Stephen Clements (17 December 1972 – 6 January 2020) was a Northern Irish radio DJ and TV presenter. He was best known for hosting the Q Breakfast Show on Q Radio for seven years until June 2019, and The Stephen Clements Show on BBC Radio Ulster from September 2019 until his death.

==Personal life==
Clements was born in Larne in on 17 December 1972 and was the son of Roy and Helen Clements and also had a brother, Gavin. He later married Natasha Beattie and had two children, Poppy and Robbie. He also had two cousins, Simon and Wendy Davis.

Clements studied geography at university and lived in South Korea for a period teaching English. Prior to his radio career, Clements was a salesman.
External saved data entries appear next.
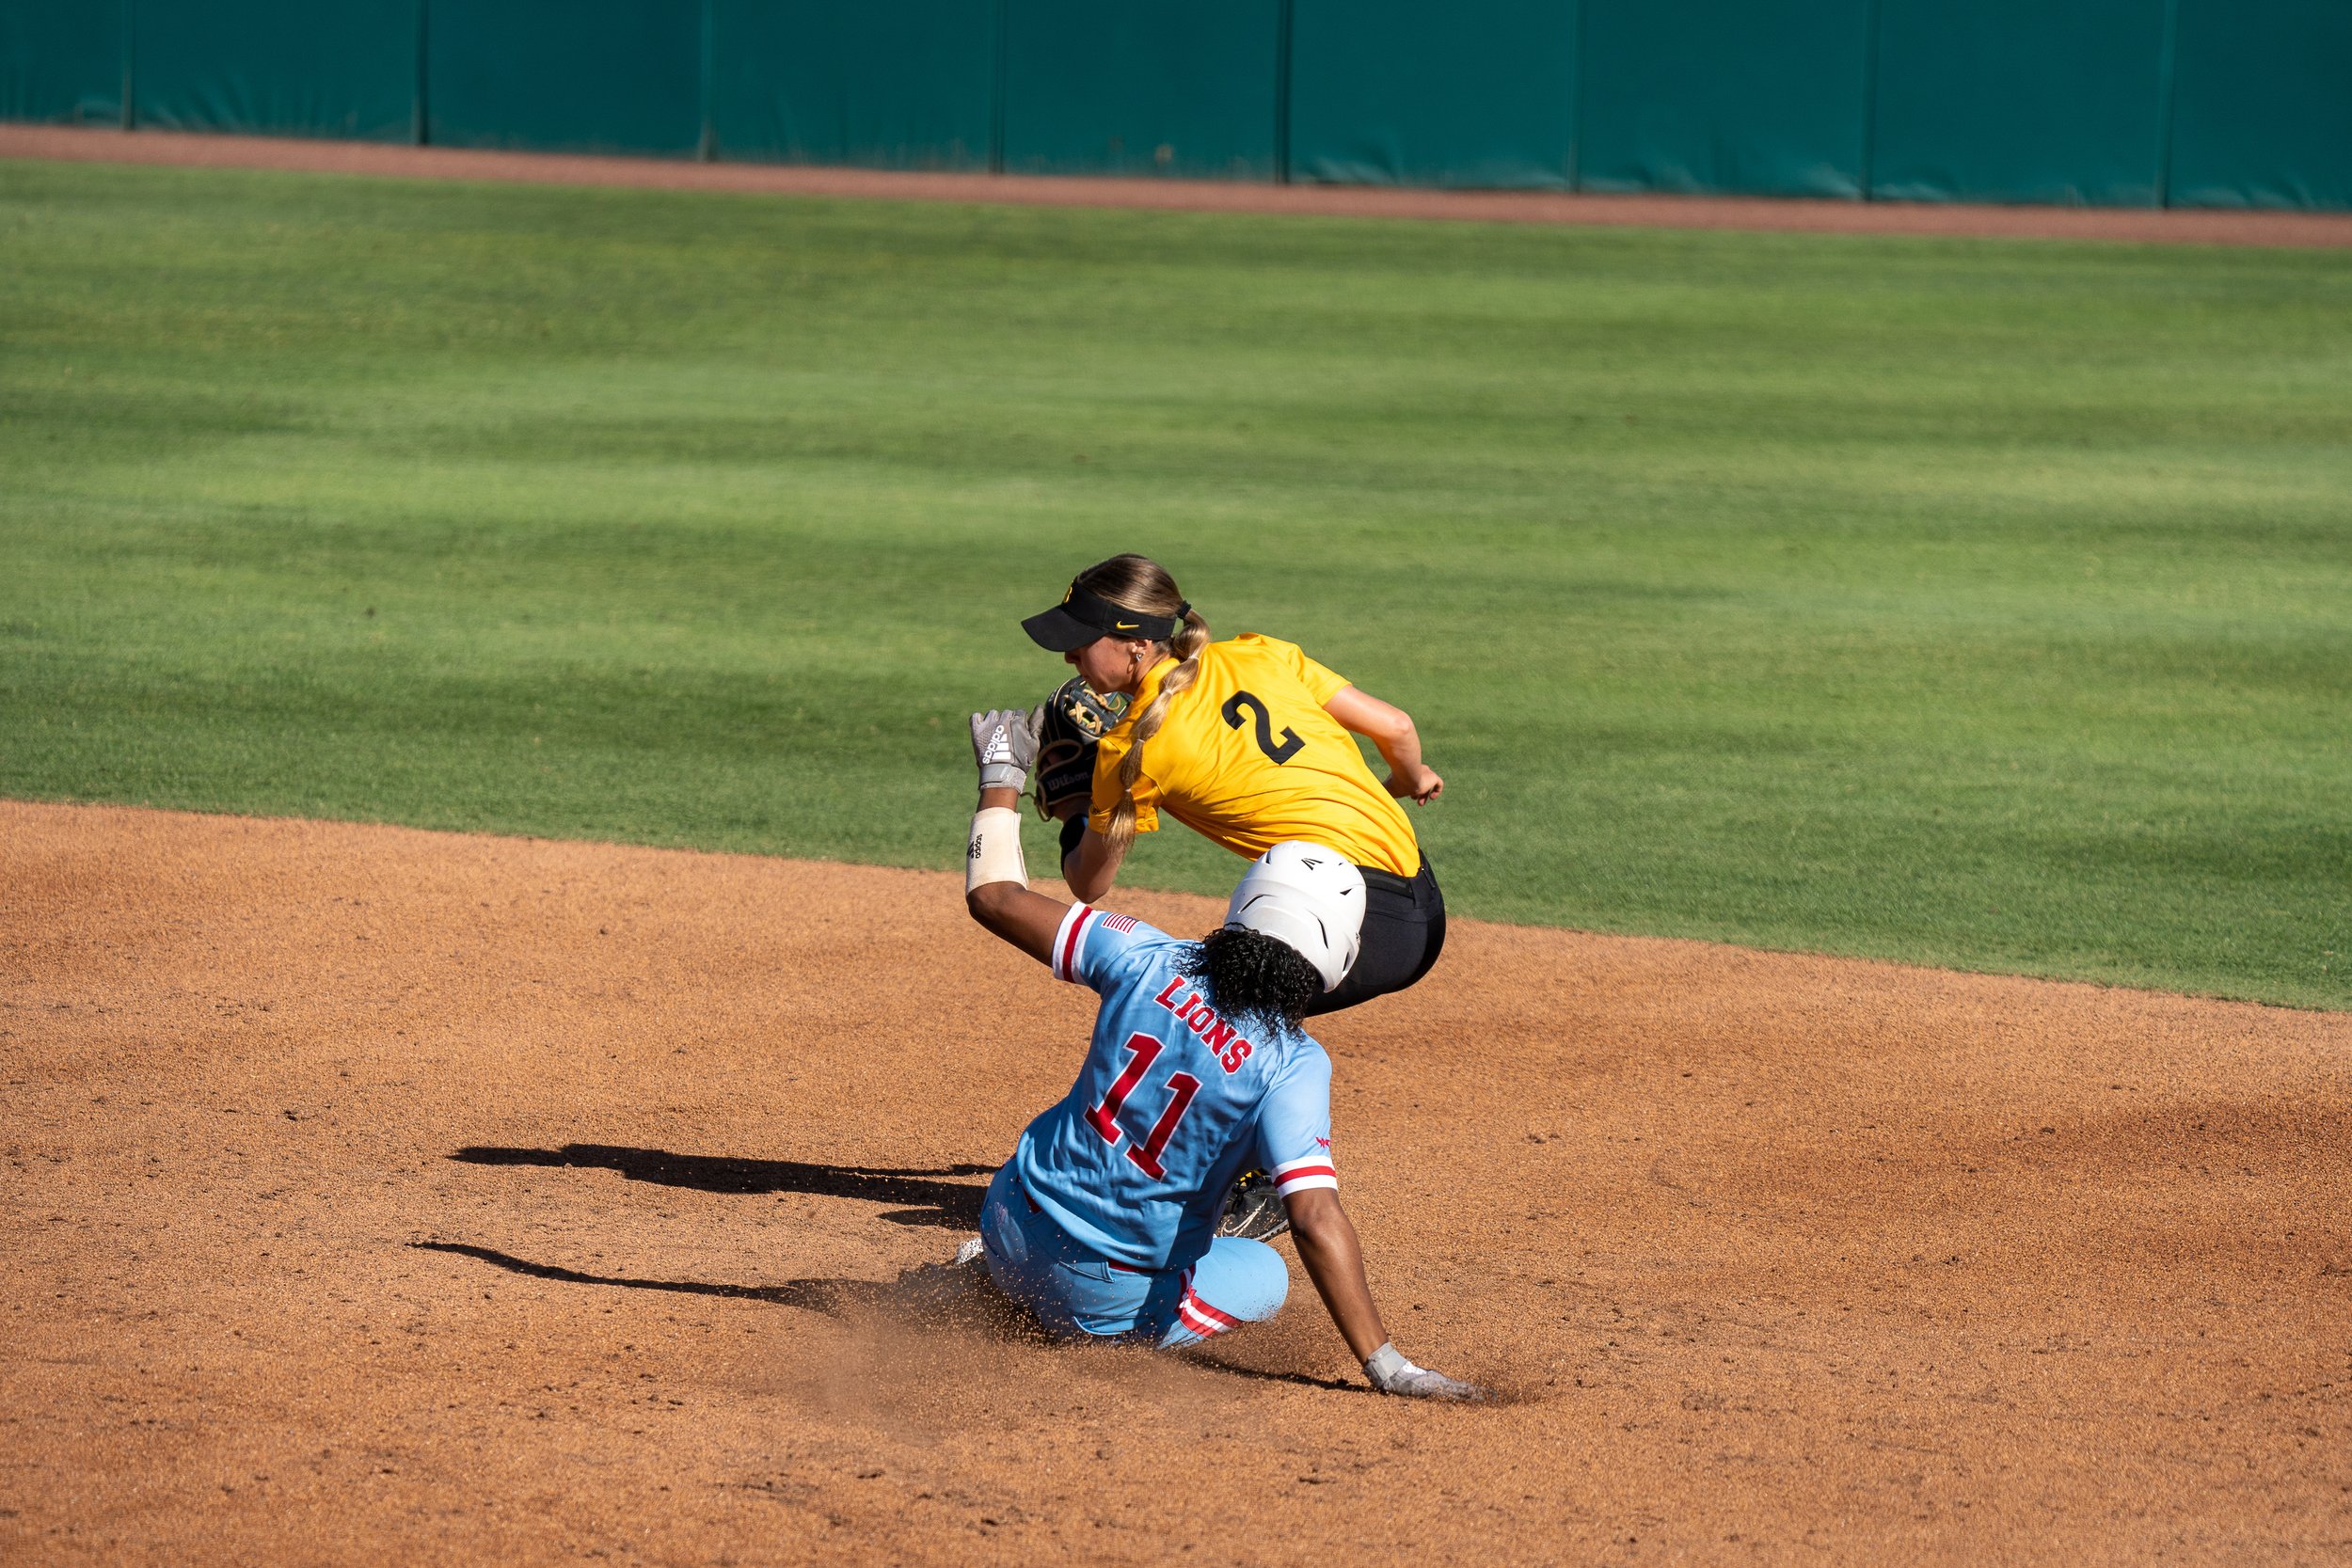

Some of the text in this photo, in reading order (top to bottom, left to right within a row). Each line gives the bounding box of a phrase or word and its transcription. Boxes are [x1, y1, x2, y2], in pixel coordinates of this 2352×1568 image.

[982, 724, 1005, 765] adidas
[1221, 690, 1306, 766] 2
[1046, 771, 1090, 791] Wilson
[1153, 974, 1254, 1075] LIONS
[1083, 1031, 1203, 1182] 11
Clements died as a result of suicide at his Carrickfergus home on 6 January 2020.

==Career==
===Citybeat / Q Radio (2010–2019)===
Clements' radio career started when he phoned Citybeat asking how could he be on the radio. Two weeks after sending in a demo tape, he was on the air.
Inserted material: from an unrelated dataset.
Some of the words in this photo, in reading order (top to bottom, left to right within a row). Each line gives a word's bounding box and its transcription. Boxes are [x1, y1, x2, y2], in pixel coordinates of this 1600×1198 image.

Clements presented the Q Radio Breakfast Show until 21 June 2019 alongside Sara Neill and later Cate Conway on the commercial radio station. Rival presenter Stephen Nolan described Clements’ show as one of the most innovative and funny he had ever listened to. On leaving, he stated it's "never been anything less than a privilege" to host the show.

One segment of the show was Through the Window, a radio concept of Through the Keyhole. It featured Stephen talking with a character and allowing listeners to guess which celebrity or local face was the answer. It also gives comedic reference to ongoing political issues. He credits his wife for coming up with the idea, following a chat they had on holiday.
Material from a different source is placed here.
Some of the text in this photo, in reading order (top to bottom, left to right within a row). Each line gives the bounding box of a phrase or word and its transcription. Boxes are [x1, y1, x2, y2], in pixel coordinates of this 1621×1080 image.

During this time he also wrote a best-selling book, Back In Our Day, released on 15 November 2017.

===BBC (2019–2020)===
In September 2019, Clements announced he got "the job of a lifetime" and joined BBC Radio Ulster. His show, The Stephen Clements Show, replaced The Sean Coyle Show. His first show was broadcast on 23 September and his last show was on 6 January.

He also co-presented the TV series Open for Summer during the Open Golf Championship in Portrush in 2019 as well as BBC Northern Ireland's Children in Need programme in November 2019 with Holly Hamilton.

Clements was posthumously added to the 2021 Irish Music Rights Organisation Radio Awards Hall of Fame on 16 September 2021.